臨床検査は診断に有用ではないが,他の疾患の除外のために実施することがある。一般に,血算,抗核抗体,リウマトイド因子,赤血球沈降速度(赤沈),咽頭培養および血液培養が行われる。

白血球増多(しばしば幼若細胞の著明な増加を伴う)は,急性的によくみられる。その他の血液所見としては,軽度の正球性貧血,発症後2週目または3週目の血小板増多(450,000/μL[450 × 109/L]以上),赤沈亢進またはC反応性タンパク(CRP)の高値などがある。抗核抗体,リウマトイド因子,および培養は陰性である。

その他の異常として,侵された器官系に依存するが,無菌性膿尿,肝酵素の高値,タンパク尿,血清アルブミン低下,髄液細胞増多がある。

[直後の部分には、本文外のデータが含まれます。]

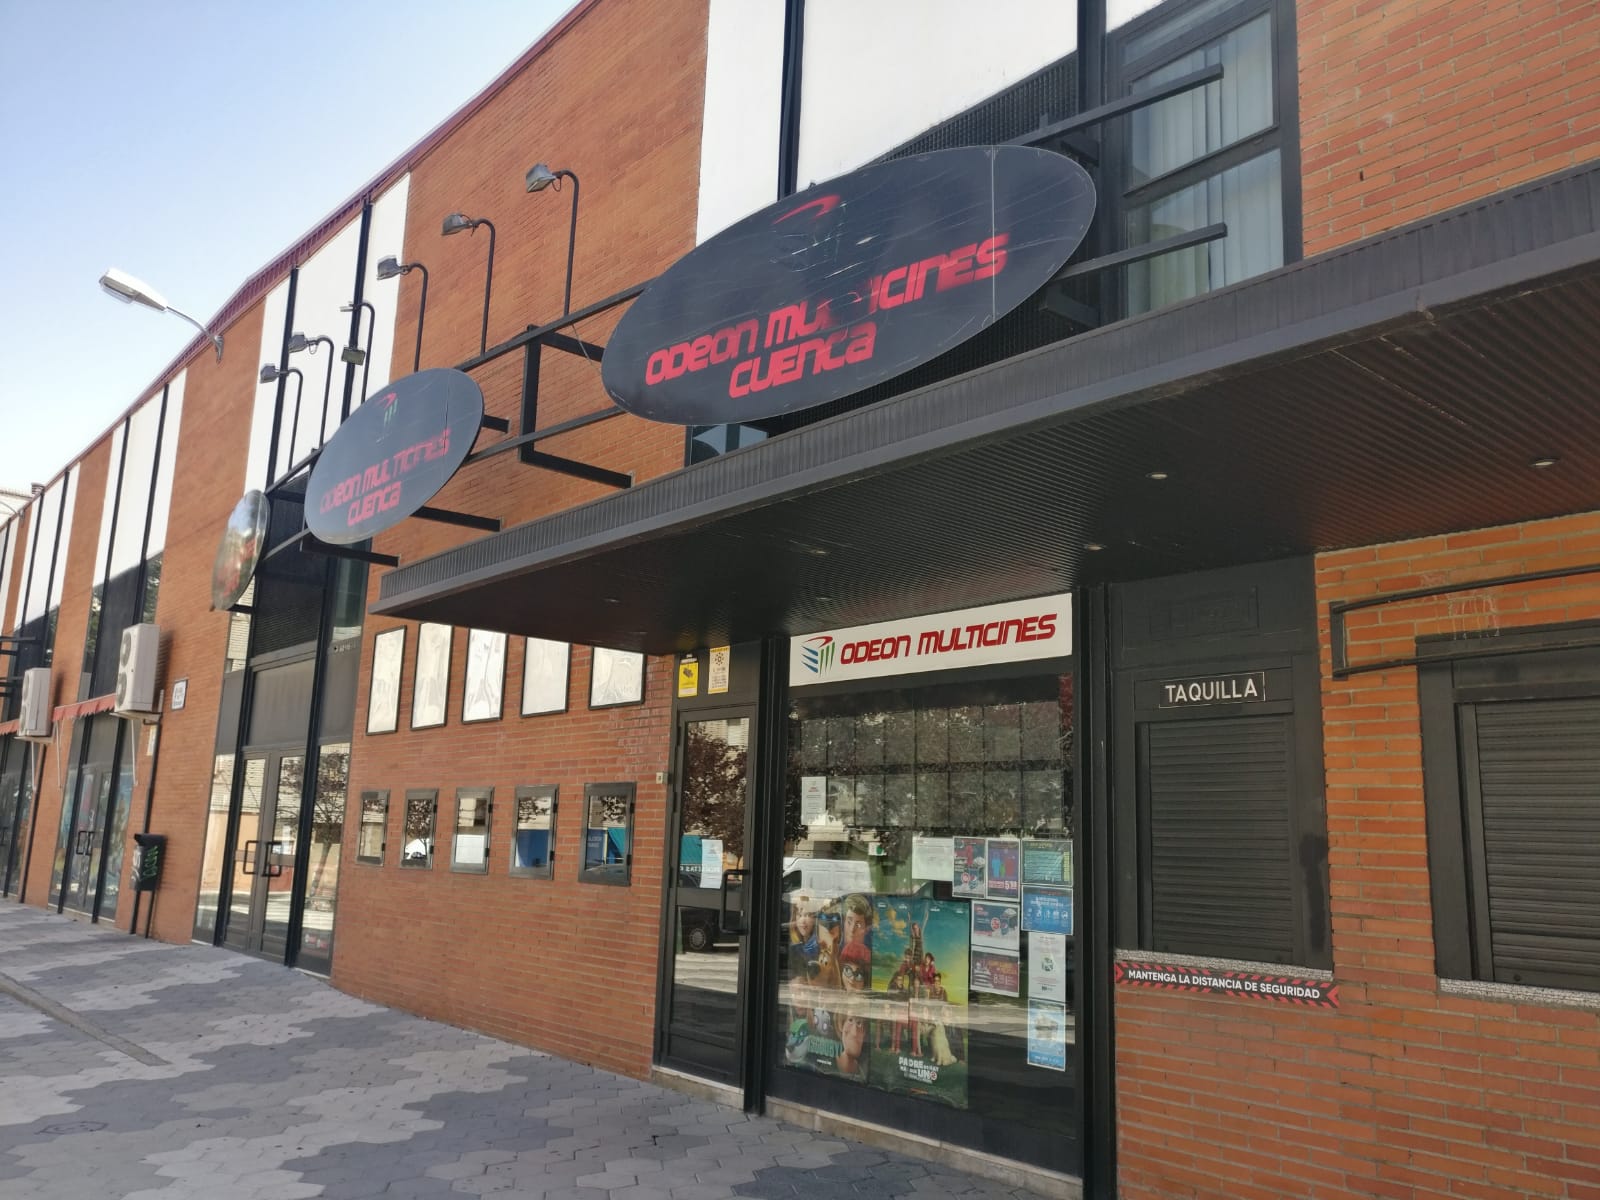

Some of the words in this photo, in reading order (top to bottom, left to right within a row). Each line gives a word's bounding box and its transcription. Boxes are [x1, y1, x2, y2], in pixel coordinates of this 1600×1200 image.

小児心臓専門医へのコンサルテーションが重要である。診断時には,心電図および心エコー検査を行う。異常は後になって現れることがあるため,これらの検査は発症後第2~3週目,第6~8週目,またおそらくは発症から6~12カ月後にも繰り返し行われる。心電図では不整脈,低電位,または左室肥大を認めることがある。心エコー検査では,冠動脈瘤,弁逆流,心膜炎,または心筋炎が検出される。動脈瘤があり負荷試験結果が異常である患児においては,ときに冠動脈造影が有用である。

診断に関する参考文献

  1. 1.Burney JA, Roberts SC, DeHaan LL, et al: Epidemiological and clinical features of Kawasaki disease during the COVID-19 pandemic in the United States.JAMA Netw Open 5(6):e2217436, 2022.doi: 10.1001/jamanetworkopen.2022.17436

  2. 2.Darby JB, Jackson JM: Kawasaki disease and multisystem inflammatory syndrome in children: An overview and comparison. Am Fam Physician 104(3):244-252, 2021.

川崎病の治療

  • 免疫グロブリン大量静注療法(IVIG)

  • 高用量アスピリン

治療は,経験豊富な小児心臓専門医,小児感染症専門医,もしくは小児リウマチ疾患専門医が行うか,またはこれらの専門医へのコンサルテーション下で行われるべきである。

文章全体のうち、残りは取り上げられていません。